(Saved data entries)
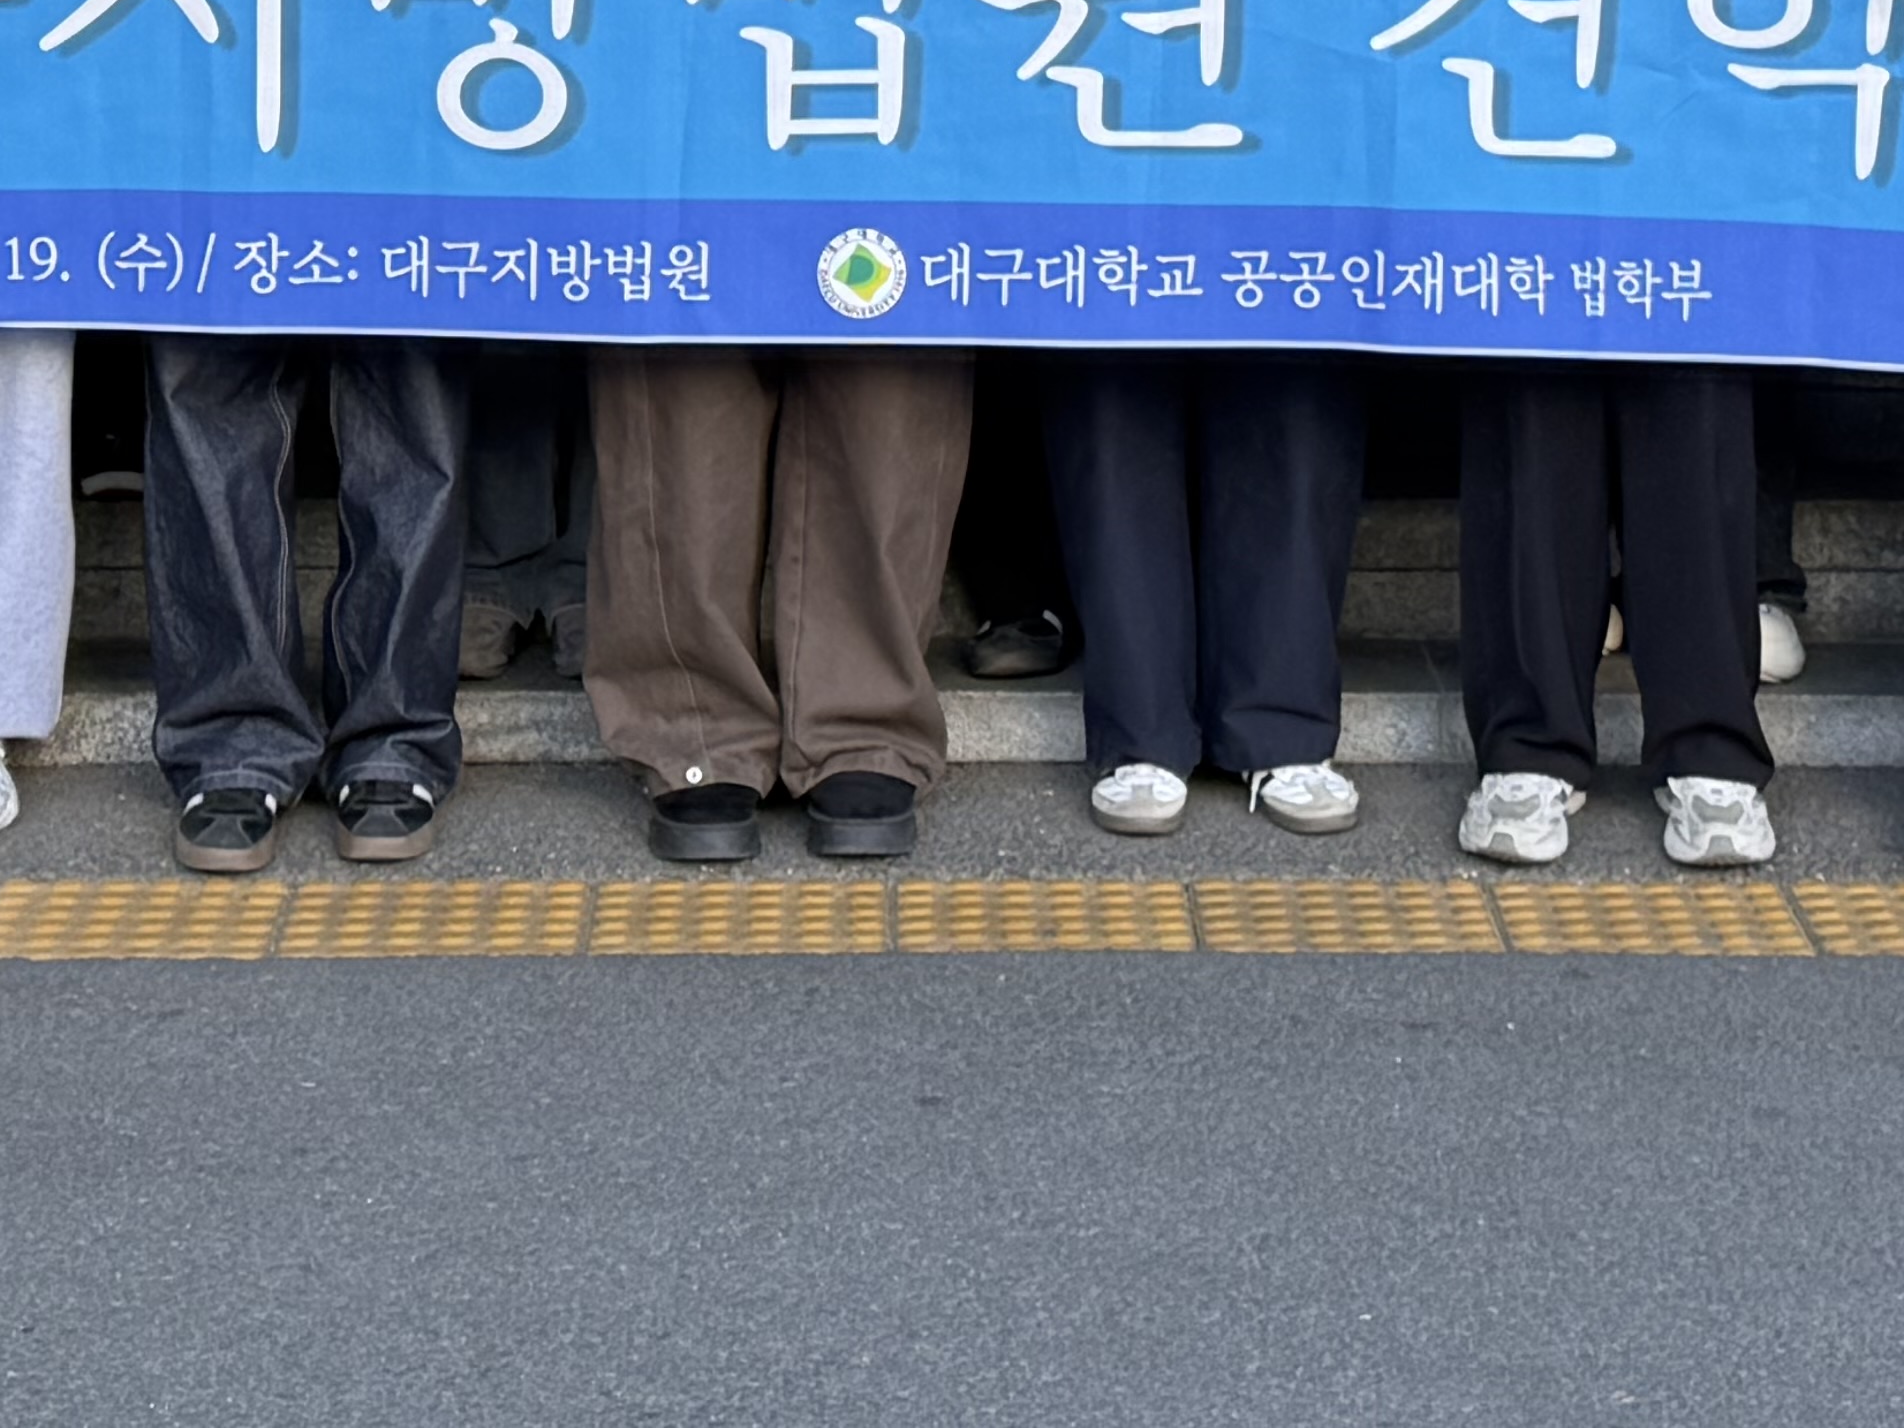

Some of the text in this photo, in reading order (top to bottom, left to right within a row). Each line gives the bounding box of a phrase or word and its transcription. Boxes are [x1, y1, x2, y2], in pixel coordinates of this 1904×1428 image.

[5, 236, 71, 283] 19.
[234, 232, 359, 295] 장소:
[381, 235, 712, 302] 대구지방법원
[920, 242, 1205, 309] 대구대학교
[1221, 250, 1555, 317] 공공인재대학
[1570, 256, 1714, 323] 법학부
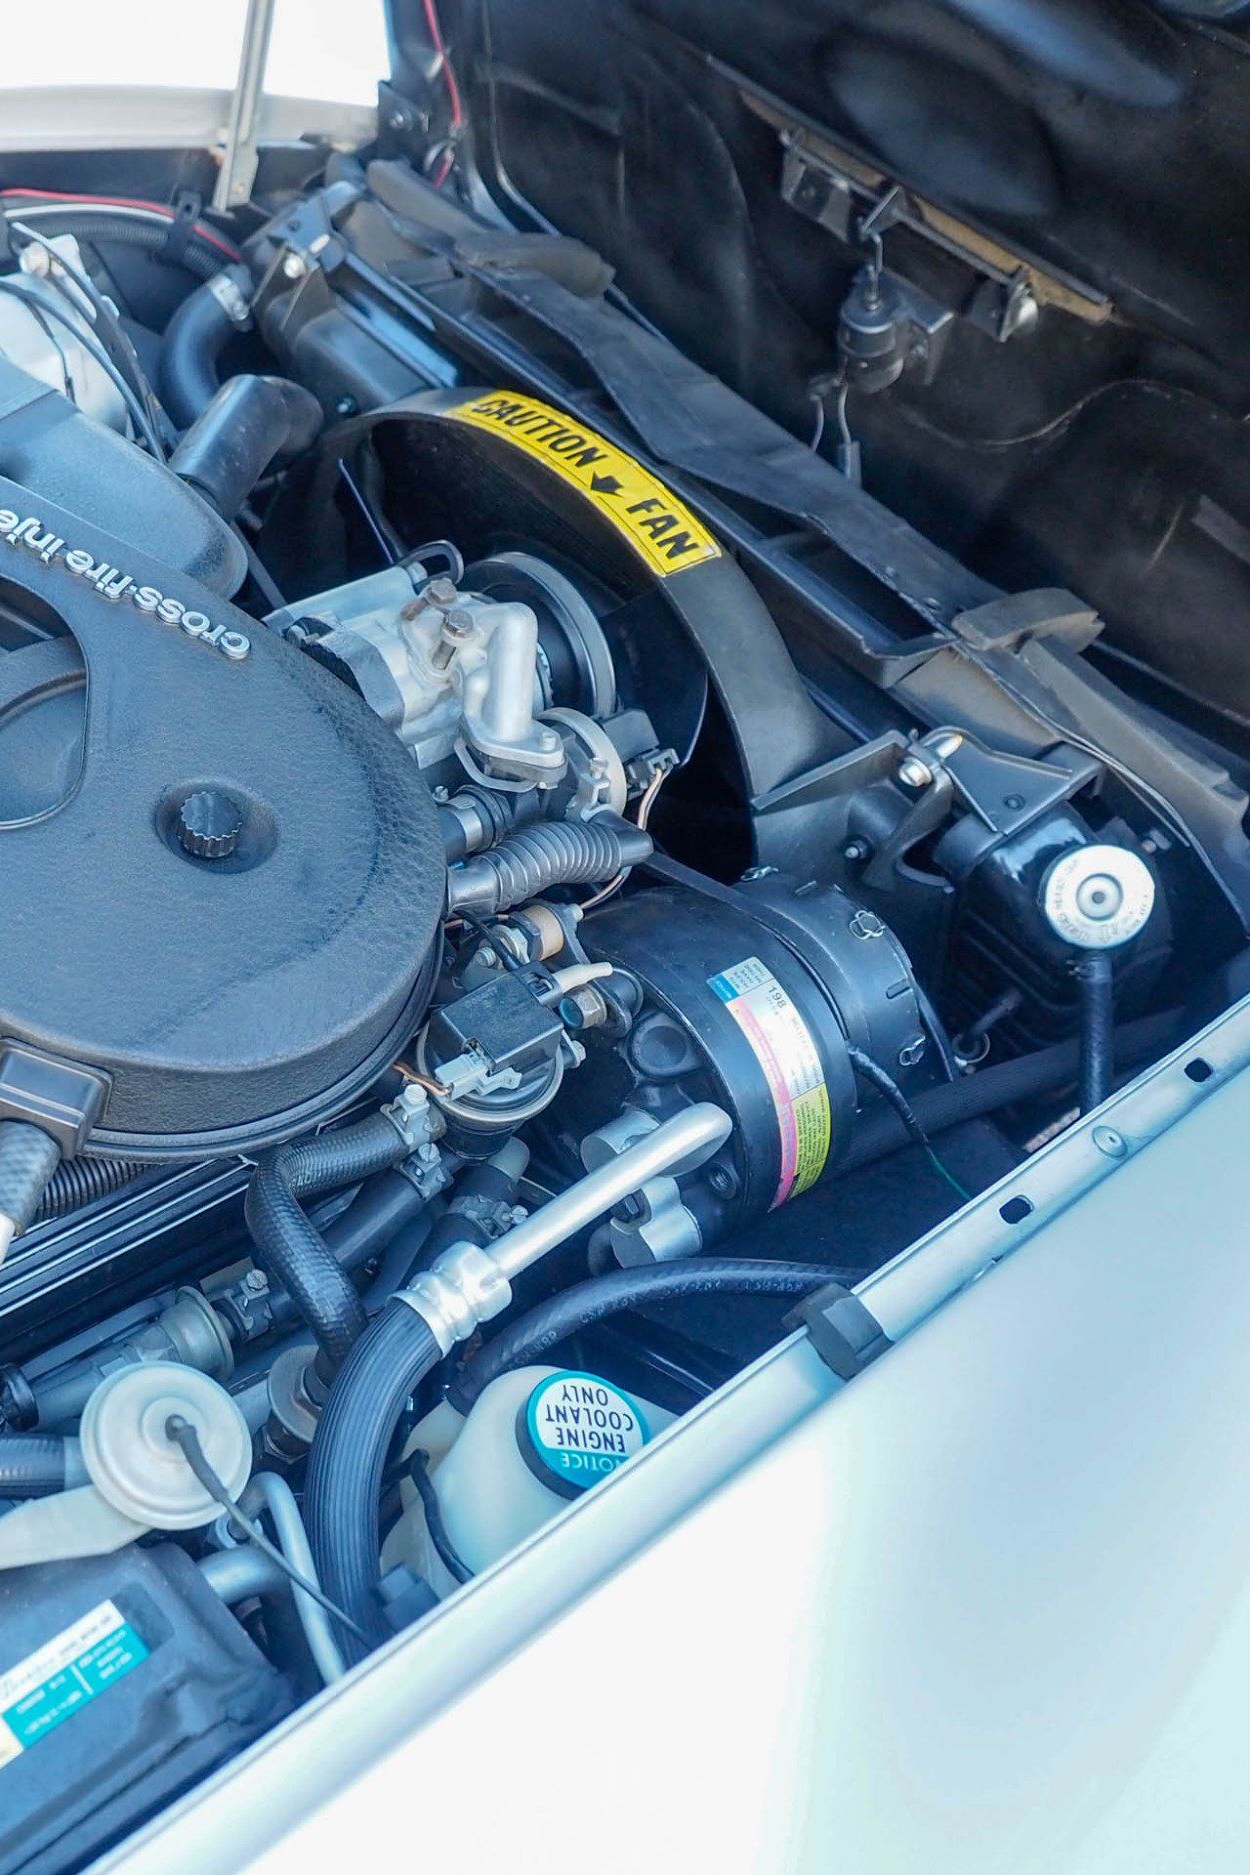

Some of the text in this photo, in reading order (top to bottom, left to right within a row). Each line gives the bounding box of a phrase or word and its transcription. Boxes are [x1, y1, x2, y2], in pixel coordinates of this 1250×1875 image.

*Work to complete:* Quote every record above exactly, omitting any pictures they contain.

*Solution below:*
Some of the text in this photo, in reading order (top to bottom, left to right within a row). Each line gives the bounding box of a phrase or word and its transcription. Boxes are [x1, y1, x2, y2], in pixel coordinates of this 1904×1428 image.

[5, 236, 71, 283] 19.
[234, 232, 359, 295] 장소:
[381, 235, 712, 302] 대구지방법원
[920, 242, 1205, 309] 대구대학교
[1221, 250, 1555, 317] 공공인재대학
[1570, 256, 1714, 323] 법학부

Some of the text in this photo, in reading order (top to bottom, left to right within a row). Each line gives the bounding box of a phrase or word and its transcription. Boxes are [x1, y1, x2, y2], in pixel coordinates of this 1250×1875 image.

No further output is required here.